NRC, Durable Solutions for Internally Displaced People: in a nutshell, 2019

We would like to bring this concept back to the early recovery projects that we are developing in Syria and see how to improve them. What can we do to have lasting solutions in the humanitarian field to the problems that afflict more than 90% of the population in Syria where 15.3 million of persons need humanitarian help (HRP Syria 2023) helping therefore to give durable solutions to IDPs too, facilitating their spontaneous return.

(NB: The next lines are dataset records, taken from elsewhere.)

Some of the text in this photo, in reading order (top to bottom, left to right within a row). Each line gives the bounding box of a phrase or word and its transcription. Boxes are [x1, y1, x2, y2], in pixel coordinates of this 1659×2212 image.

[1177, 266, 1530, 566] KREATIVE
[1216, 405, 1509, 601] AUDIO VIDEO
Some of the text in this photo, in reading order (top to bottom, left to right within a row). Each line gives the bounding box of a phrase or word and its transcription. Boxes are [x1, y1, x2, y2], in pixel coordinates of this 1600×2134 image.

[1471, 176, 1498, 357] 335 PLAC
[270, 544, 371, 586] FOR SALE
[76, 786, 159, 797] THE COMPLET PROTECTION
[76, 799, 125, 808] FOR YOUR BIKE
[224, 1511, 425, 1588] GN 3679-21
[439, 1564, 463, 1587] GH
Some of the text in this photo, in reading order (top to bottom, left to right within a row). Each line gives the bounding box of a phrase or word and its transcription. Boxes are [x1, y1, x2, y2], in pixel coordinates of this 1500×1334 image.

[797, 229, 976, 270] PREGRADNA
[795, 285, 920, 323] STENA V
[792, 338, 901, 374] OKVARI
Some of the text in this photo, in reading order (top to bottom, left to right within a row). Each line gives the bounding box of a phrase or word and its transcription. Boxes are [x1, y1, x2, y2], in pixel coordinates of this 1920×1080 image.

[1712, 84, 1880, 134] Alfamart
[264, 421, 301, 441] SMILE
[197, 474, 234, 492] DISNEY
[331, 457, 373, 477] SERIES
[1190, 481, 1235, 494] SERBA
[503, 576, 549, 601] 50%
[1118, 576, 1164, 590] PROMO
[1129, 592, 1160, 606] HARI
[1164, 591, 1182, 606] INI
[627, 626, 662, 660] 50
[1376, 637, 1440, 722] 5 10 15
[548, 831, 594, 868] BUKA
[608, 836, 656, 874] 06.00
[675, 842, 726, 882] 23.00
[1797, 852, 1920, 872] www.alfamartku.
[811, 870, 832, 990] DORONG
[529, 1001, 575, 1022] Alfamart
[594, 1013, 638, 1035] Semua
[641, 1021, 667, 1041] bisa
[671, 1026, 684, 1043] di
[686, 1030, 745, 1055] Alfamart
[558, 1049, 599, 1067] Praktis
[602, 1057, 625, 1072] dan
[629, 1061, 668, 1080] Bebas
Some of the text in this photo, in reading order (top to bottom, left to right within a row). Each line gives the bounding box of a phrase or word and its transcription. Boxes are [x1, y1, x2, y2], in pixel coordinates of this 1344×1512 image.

The earthquake in Syria on February 6 exaggerated the pre-existing needs, as we saw, and it is now more necessary than ever to strengthen our intervention and give concrete answers to people's needs which have been amplified and require a much longer-term response and sustainability.

We need to recognize we face still challenges and impediments as humanitarian actors:

  • lack of funding especially related to early recovery activities,
  • the impact of sanctions on the humanitarian response and economic growth, coordination among all humanitarian actors involved,
  • the access obstacles and bureaucracy hindering a righteous response.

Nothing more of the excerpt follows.